It is. But also very specific in what situations this is actually useful.

Well, yes and no. RAIDZ capacity is a lie because a MB of data can and often will use more than a MB of space. Parity+Padding are the buzzwords here. Depending on what data is stored on the pool and how you handle compression, you may as well end up with 100% cap after 65TB of user data. All hail the joys of RAIDZ!

you trade performance for gross space efficiency. Nothing new. You can use 1TB partitions and get even more gross space efficiency by inflating RAIDZ width even further. The reason you don’t do this is the same reason why people don’t use this method in the first place.

Being part of more than a single vdev is reason enough to be very cautious. Not only for redundancy, but also for performance concerns.

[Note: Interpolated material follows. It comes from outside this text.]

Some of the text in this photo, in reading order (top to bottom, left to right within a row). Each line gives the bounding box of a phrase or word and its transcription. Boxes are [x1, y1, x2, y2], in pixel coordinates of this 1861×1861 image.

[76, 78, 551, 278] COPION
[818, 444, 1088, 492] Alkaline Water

I did it once for science, because the concept is fascinating and brings software-defined storage to a new level. In practice you just add complexity and weaken the pool for marginal gains.

The thread is named “best practice”. This certainly isn’t best practice anyone would recommend. This is more an experimental thing for desperate people.

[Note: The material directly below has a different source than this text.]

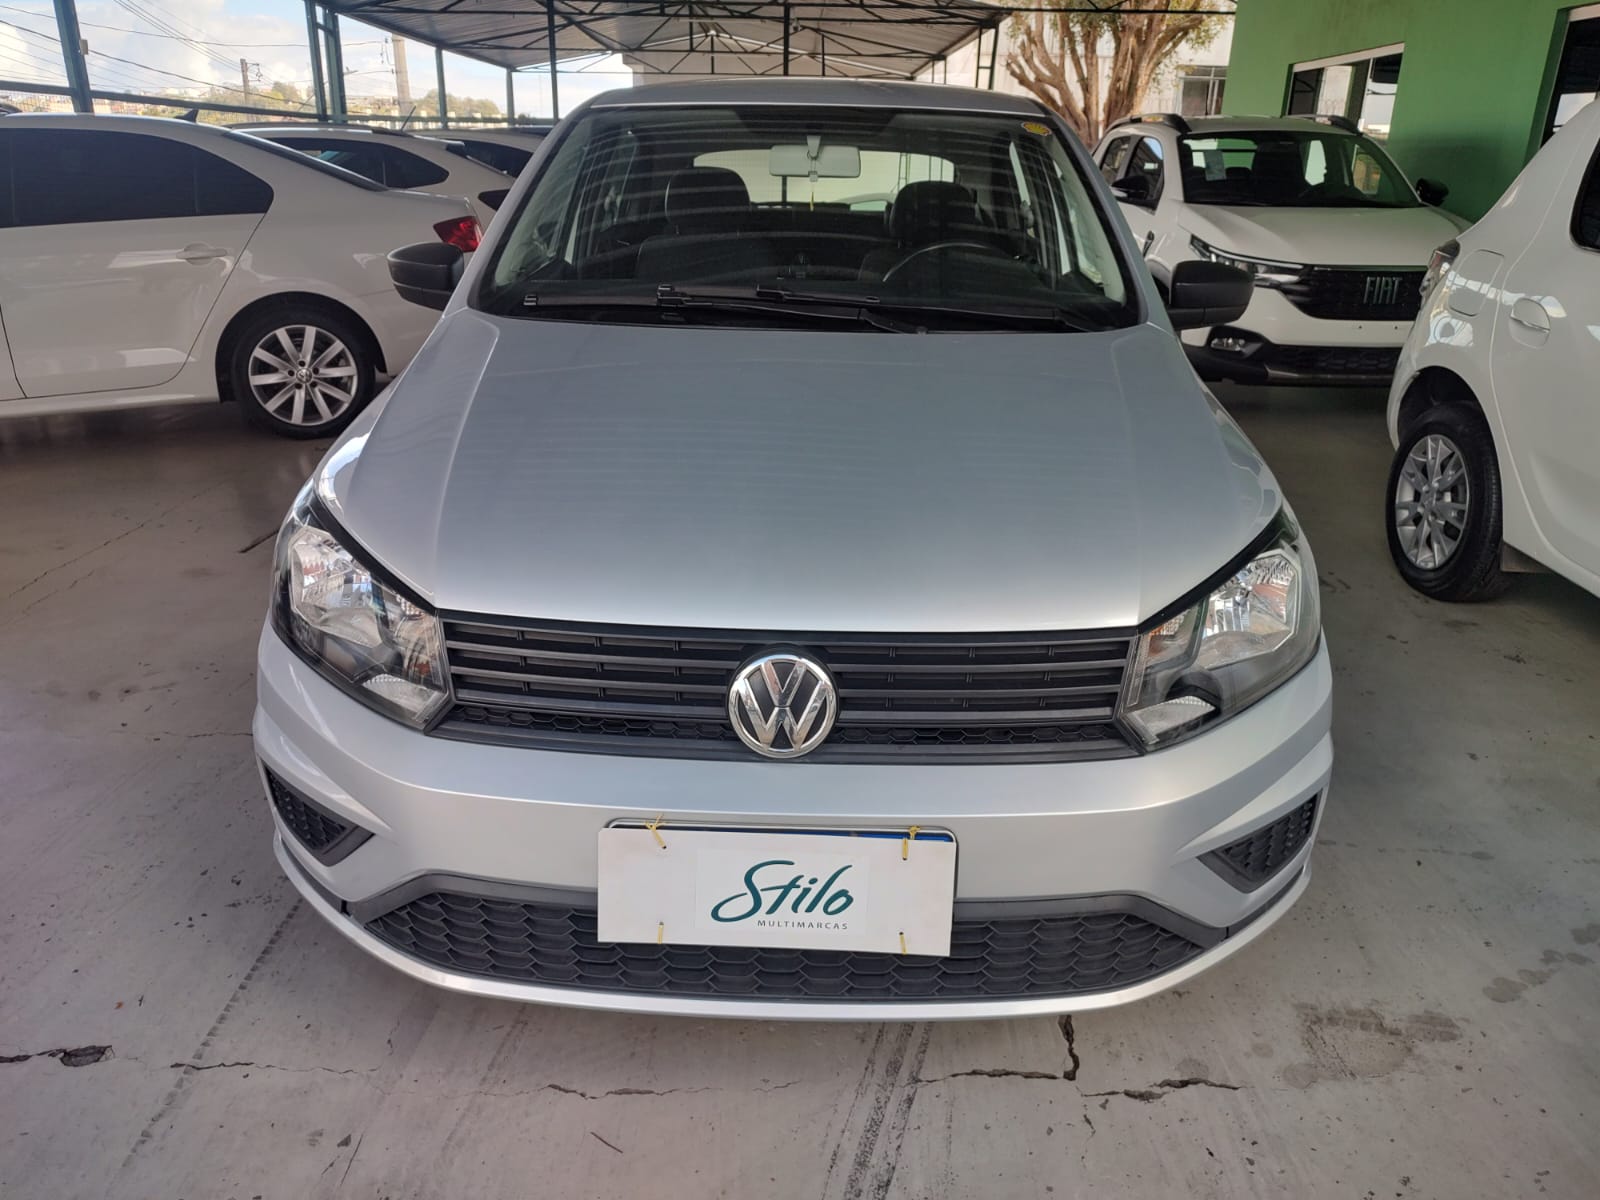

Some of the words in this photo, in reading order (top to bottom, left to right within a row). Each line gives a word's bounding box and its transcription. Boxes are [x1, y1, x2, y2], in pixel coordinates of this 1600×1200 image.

Okay, first of all, parity is not a lie or wasted space. You either choose safety or space. It’s like the uncertainty principle in physics. The storage uncertainty principle?
On the other hand padding (and recordsize) is esoteric bullshit that nobody without a procurement department ever has a reason to care about.

How’s that less performant? That makes no sense.

Same question.
How much load balancing does ZFS itself do, compared to the OS and drive itself?
Take a look at the part filesystems occupy.

Getting rid of some of the inflexibility of ZFS is not a marginal gain.
Although I will put money on fusion coming before RAID-Z expansion.
Coming soon™

Ok, so, Aspie ZFS rant time and I don’t have an English degree, so buckle up.

So, for the most part, for drives over 2TB, just don’t use RaidZ1, move on to RaidZ2, unless you like to live dangerously. I have done it, but I have access to a good data recovery lab but it nagged in the back of my mind for years until I spun up a new pool in RaidZ2 and migrated all the data from the old pool to the new pool.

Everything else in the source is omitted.